Like many, I also had an experience like this in my younger days: obviously unfit product, early prototype made by bottom-of-the-barrel contractors, co-founders who can't code, no salary, no users.

I got lucky, and spent only a few months while not working that hard.

But at the same time, this quote hits home:

>I was doing a startup. I was executing, and for the first time in my professional life I wasn’t insulated from the results. I didn’t achieve my destiny of great things, but I’d built something.


Right? I literally can't even call it a proper warning because of how much I took out of it.

My whole career was jumpstarted by my second startup (we only got to preseed but it was a great two years) and there's no way I'd have been as good a fit without this experience


I think you nailed it here.

>> I hope that by reading this story, I can protect some of you from 11 months of pain.

That's not how experience works. What you really did was get an 11 month business education. And again, you can tell your story, but you can't pass on that education.

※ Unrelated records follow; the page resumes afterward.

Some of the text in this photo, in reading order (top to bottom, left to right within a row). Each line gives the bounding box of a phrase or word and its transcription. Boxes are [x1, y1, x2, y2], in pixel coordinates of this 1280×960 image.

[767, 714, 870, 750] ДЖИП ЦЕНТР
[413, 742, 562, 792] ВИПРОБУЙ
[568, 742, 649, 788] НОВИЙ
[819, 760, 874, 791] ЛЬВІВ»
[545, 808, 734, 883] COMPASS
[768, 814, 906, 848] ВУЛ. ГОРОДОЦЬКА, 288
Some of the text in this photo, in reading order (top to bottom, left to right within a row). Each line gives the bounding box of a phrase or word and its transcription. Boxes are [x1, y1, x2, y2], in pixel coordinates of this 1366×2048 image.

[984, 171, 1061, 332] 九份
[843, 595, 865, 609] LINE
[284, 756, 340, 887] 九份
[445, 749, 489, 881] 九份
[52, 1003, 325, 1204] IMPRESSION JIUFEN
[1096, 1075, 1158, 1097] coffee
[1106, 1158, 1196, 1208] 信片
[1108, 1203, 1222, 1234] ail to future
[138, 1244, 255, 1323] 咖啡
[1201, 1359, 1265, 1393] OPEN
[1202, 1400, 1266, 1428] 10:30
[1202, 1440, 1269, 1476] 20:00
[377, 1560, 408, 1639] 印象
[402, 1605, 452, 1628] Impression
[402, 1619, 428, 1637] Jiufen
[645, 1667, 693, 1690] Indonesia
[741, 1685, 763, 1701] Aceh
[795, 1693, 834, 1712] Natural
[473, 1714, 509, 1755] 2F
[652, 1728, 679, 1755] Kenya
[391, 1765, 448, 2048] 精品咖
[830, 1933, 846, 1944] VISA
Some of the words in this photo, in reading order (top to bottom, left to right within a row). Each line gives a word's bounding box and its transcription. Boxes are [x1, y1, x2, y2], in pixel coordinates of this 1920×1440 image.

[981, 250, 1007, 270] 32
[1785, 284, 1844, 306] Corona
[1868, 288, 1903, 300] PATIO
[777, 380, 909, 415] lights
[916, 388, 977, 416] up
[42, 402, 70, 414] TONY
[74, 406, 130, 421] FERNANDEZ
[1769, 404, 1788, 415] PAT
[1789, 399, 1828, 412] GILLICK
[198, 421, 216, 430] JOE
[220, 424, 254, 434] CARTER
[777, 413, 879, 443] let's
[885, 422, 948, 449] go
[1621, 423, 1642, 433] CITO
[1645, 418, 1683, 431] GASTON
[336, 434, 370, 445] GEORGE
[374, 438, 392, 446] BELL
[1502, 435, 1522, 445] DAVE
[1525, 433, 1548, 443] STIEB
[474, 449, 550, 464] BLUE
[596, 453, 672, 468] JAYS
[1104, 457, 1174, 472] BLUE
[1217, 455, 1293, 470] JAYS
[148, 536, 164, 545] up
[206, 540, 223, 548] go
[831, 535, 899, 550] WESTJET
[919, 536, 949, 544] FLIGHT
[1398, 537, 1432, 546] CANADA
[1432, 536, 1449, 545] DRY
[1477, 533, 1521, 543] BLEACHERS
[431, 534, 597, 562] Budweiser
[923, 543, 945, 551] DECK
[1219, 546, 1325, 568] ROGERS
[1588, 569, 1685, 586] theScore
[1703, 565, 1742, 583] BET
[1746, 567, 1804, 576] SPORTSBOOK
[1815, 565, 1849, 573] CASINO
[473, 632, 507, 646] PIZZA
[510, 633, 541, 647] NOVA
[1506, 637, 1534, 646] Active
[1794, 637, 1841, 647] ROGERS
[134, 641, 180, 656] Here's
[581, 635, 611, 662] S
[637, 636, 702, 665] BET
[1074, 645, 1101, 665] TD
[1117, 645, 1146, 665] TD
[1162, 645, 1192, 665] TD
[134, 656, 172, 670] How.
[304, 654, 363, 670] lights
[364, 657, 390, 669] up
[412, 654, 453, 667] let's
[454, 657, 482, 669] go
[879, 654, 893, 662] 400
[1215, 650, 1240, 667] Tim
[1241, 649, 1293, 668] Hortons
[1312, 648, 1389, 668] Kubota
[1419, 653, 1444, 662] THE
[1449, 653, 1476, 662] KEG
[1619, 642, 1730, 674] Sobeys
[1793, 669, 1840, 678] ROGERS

I'm glad you moved on to better things. And I think you're saying that this experience prepared you for that, and you were a better overall entrepreneur because of it.

Thats how experience works.


But maybe he can compress someone else's terrible experience down to 6 or 3 months, or stop them from sinking their own money (or that of family/friends) into an obvious faliure. There's another failures to go around; we don't all need to life every one of them.


It would be nice if it did, but that's not how experience works.

Which is to say that yes, we can learn from the mistakes of powers, and the story is worth telling.

For 99% of people, who want safety and security, they'll just ho get a job anyway. For the 1% who want to start something new, well 4 in 5 will fail either 5 years. Those failures are the experience needed to find success. Some get there quicker, some abandon good ideas too quickly or bad ideas too slowly.

That's how we learn along the way, and yes, absorb the lessons of others.


Yeah honestly I’m not sure what someone is meant to take out of this. The experience is really useful. But if me and Gus worked this out after 3 months, we could have cofounded our own thing!


Yes, and no. Sure you might have figured it out sooner. But there's a lot you learned in the other 8 months which you shouldn't negate.

You could have taken Gus' dad's advice - and you'd have saved some lot of time, but equally missed out on so much learning.

Look, most opportunities are bad, or at the very least risky. But if you wanted safe and secure you can just go get a job. Some risks are worth taking on, even if they look risky, and even if they fail.

Experience helps you at least identify the risk. Both in product and in people. Some products will just never work (), some people aren't worth working with.

() your mechanic program was likely doomed because "that's not how cars work". I was never going to be a customer because I have a mechanic who's been looking after my cars for 30 years. He always seems to have cars to work on, do I guess he's not a customer either. If I buy a car new it comes with a service plan, so I'm out that loop.

In other words I suspect your app solved a problem that's only a problem to fresh grads with their first car. And they just ask their mates, or their dad.

As you discovered you can't feature your way out of the "no market" problem. You discovered that finding a market is more important than building a product. All excellent lessons.


Absolutely - I mention this at the end. This experience was a springboard into my first “real” startup, and I’ve been working my way up fast since then!


I had a similar wake-up call when I joined a startup. I had over a decade experience working in stable companies, but I learned so much in a short time.

What surprised me the most, was that I did not improve much technically, as we chose well known technologies to get the job done. Focusing on product over tech was one of the best decisions we made.I also learned to make compromises and accept some technical debt in order to get the product out in time. You get a much deeper view of the business needs when you work in a smaller group.